I became just as fond of my colleagues at One Police Plaza and in the New York District Attorney’s office. Though grittier than Ms. Fletcher, the Law and Order detectives were equally successful at tracking down killers in the span of an hour. With so many seasons, and so many versions of the show, I could almost always find an episode and check in with their current case. If I’d seen it before, I could be especially helpful, yelling at the television, “the brother did it, don’t waste your time with the girlfriend.” Sometimes I came to this conclusion as early as seven seconds into the show (yes, I’ve timed it). If I hadn’t seen the episode, though, I had to rely on more than my expert recall. This is when I offered them my well-honed instincts and my keen perceptions. I’d kindly warn the detectives to “check out the mother again, she’s too cooperative,” or suggest they “lay off the street thug, he’s not your real criminal.”
After Lenny, er Jerry Orbach, the actor who played Lenny Briscoe on Law and Order, left the show and died shortly after, I got choked up every time I watched it.

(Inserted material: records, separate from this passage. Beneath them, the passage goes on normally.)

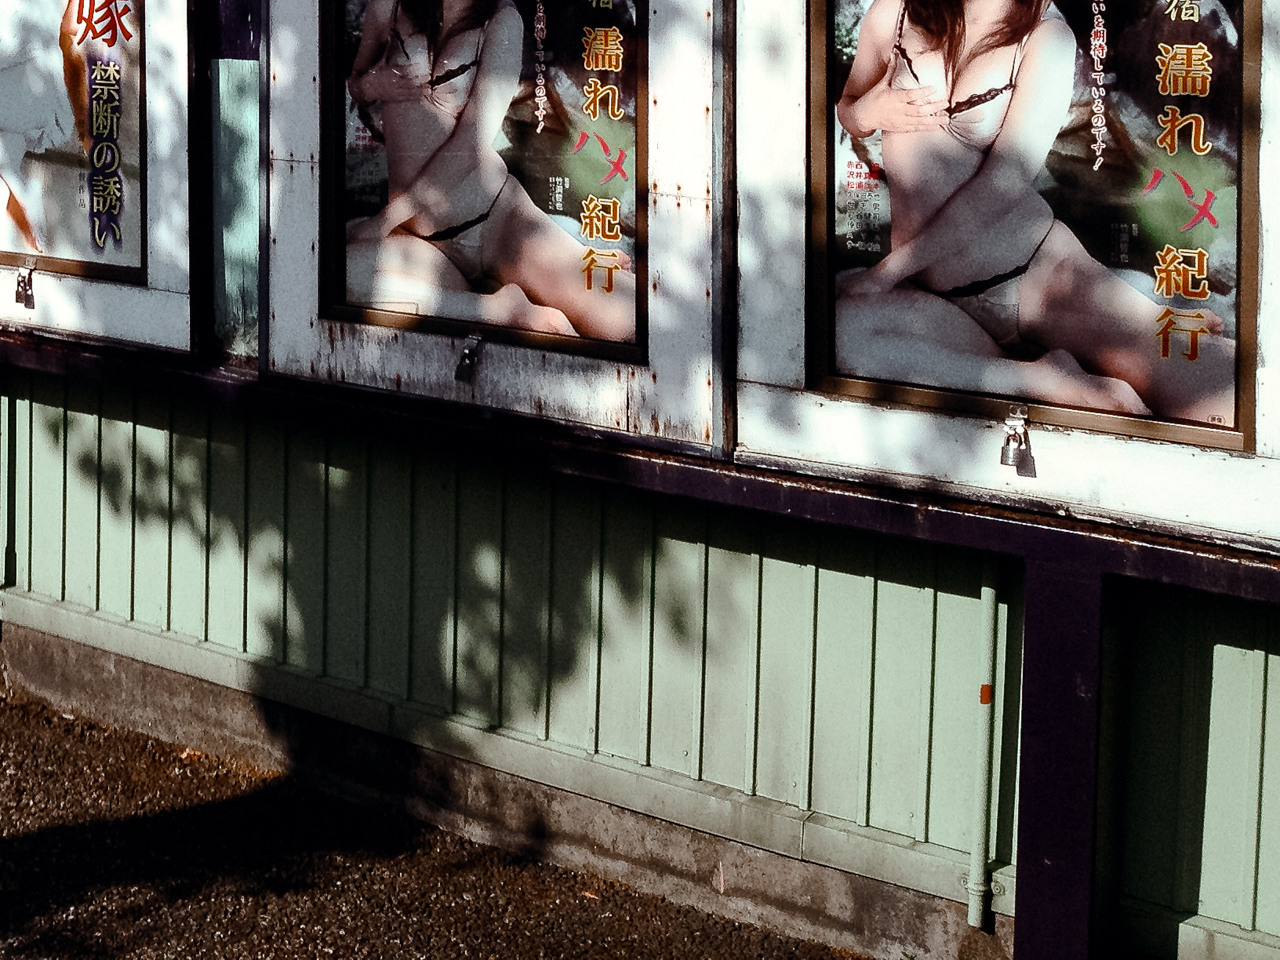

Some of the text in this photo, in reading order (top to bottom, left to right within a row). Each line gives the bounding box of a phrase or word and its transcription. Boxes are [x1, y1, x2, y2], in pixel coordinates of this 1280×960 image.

[90, 60, 122, 250] 禁断の誘い
[572, 25, 630, 294] 濡れハメ紀行
[1142, 41, 1221, 363] 濡れハメ紀行
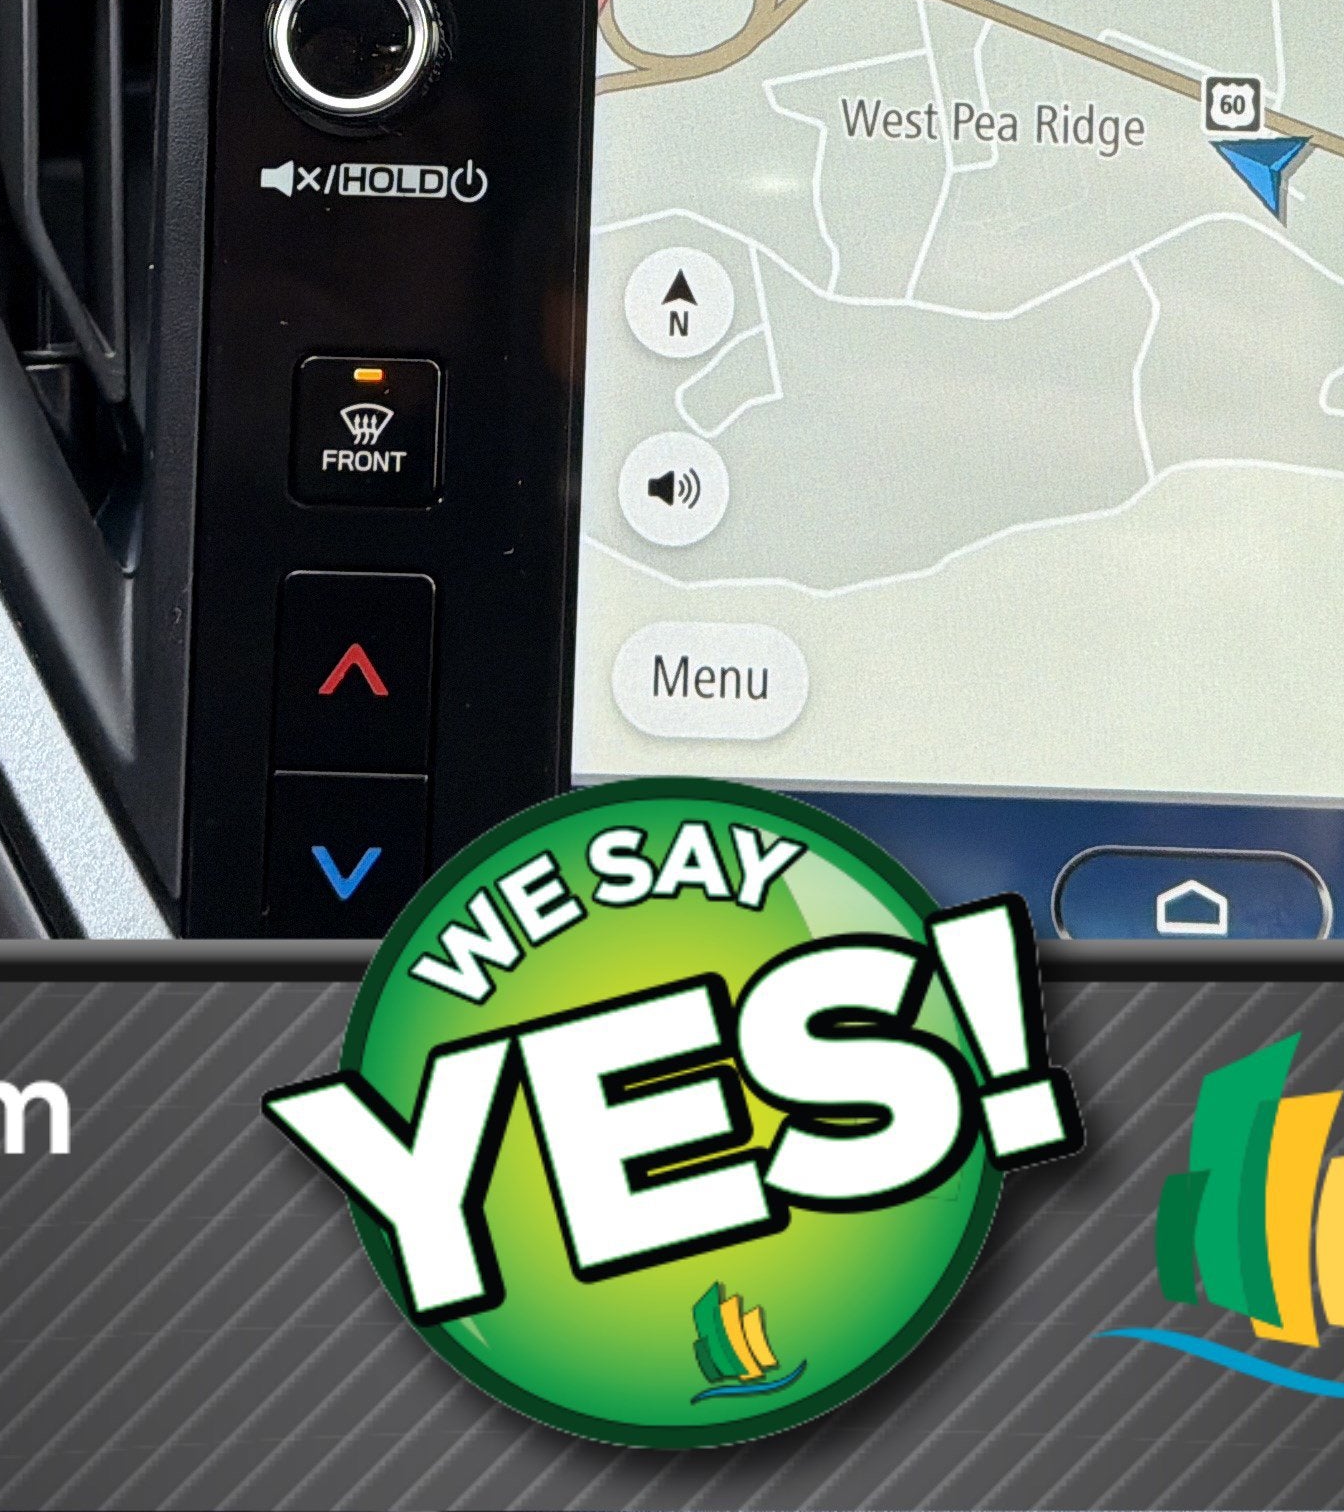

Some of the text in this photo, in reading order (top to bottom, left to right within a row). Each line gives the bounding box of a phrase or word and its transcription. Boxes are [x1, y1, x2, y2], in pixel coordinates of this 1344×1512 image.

[1220, 94, 1246, 115] 60
[842, 98, 1146, 156] West Pea Ridge
[669, 311, 689, 336] N
[322, 450, 407, 473] FRONT
[653, 654, 769, 700] Menu

We’d developed such a bond over the last decade, and I missed his wisecracks about his ex-wife and his yuppy partners. The streets of New York were tough without him, so I turned my attention elsewhere. This is when I began my interest in true crime shows. Better to watch true stories about death and mayhem involving people I don’t know, I figured. And soon I began uncovering Suburban Secrets, reading Forensic Files, and closing Cold Case Files. These programs, known in my house as my Mysteries, have given me an advanced education in crime solving. Now I can be heard declaring to the officers on the show, whether real or re-enactors, “spray the ex’s trailer with Luminal, I’m sure you’ll find blood,” or “I guarantee once the neighbor’s fingerprints go to the lab, the mass spectrometer will reveal a match to the killer’s.”

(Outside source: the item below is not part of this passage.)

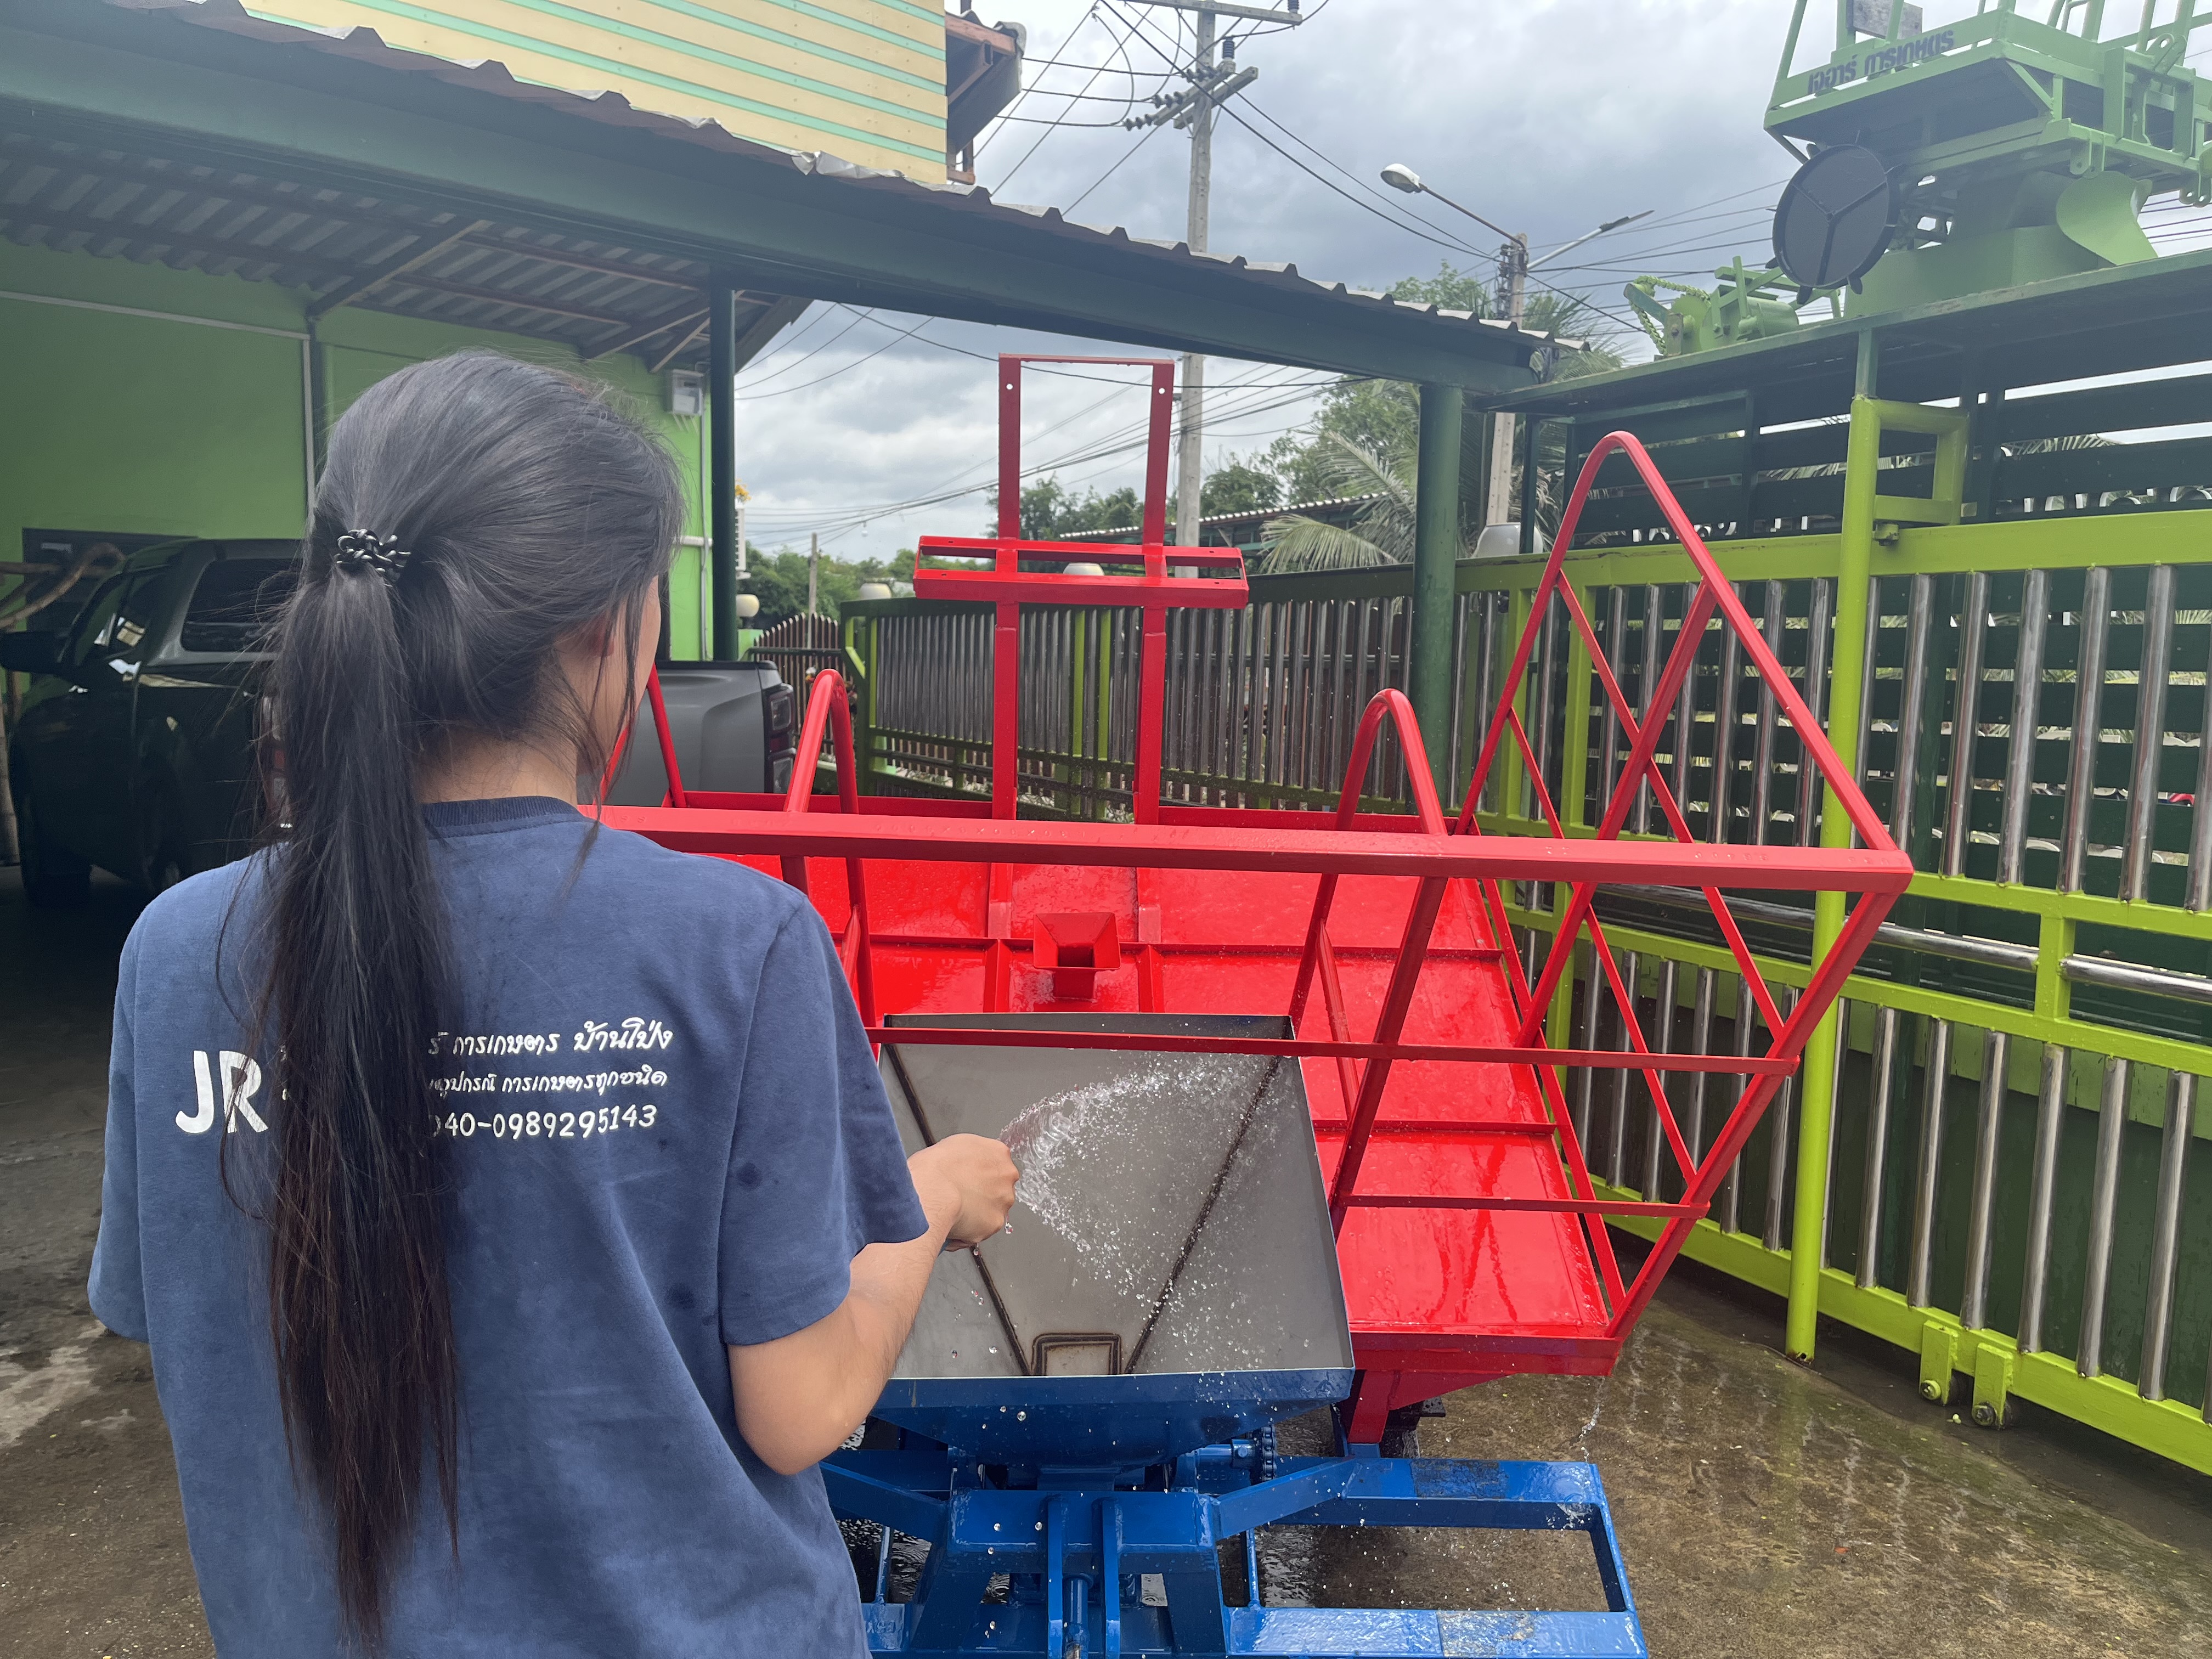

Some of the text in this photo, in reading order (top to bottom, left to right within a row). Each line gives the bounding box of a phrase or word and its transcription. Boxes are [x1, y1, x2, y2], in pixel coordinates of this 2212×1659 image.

[453, 1034, 560, 1056] การเกษตร
[574, 1017, 673, 1050] บ้านโป่ง
[176, 1051, 268, 1133] JR

At a recent dinner with colleagues from work (my day job, as a teacher), a co-worker related her experience with a former boss who sexually harassed her. He was creepy and controlling and made her life intolerable. She told us how she’d gone so far as to concoct a plan to kill him. She was going to invite him to the shooting range and “accidentally” shoot him at close range. “It would’ve been fool-proof,” she claimed.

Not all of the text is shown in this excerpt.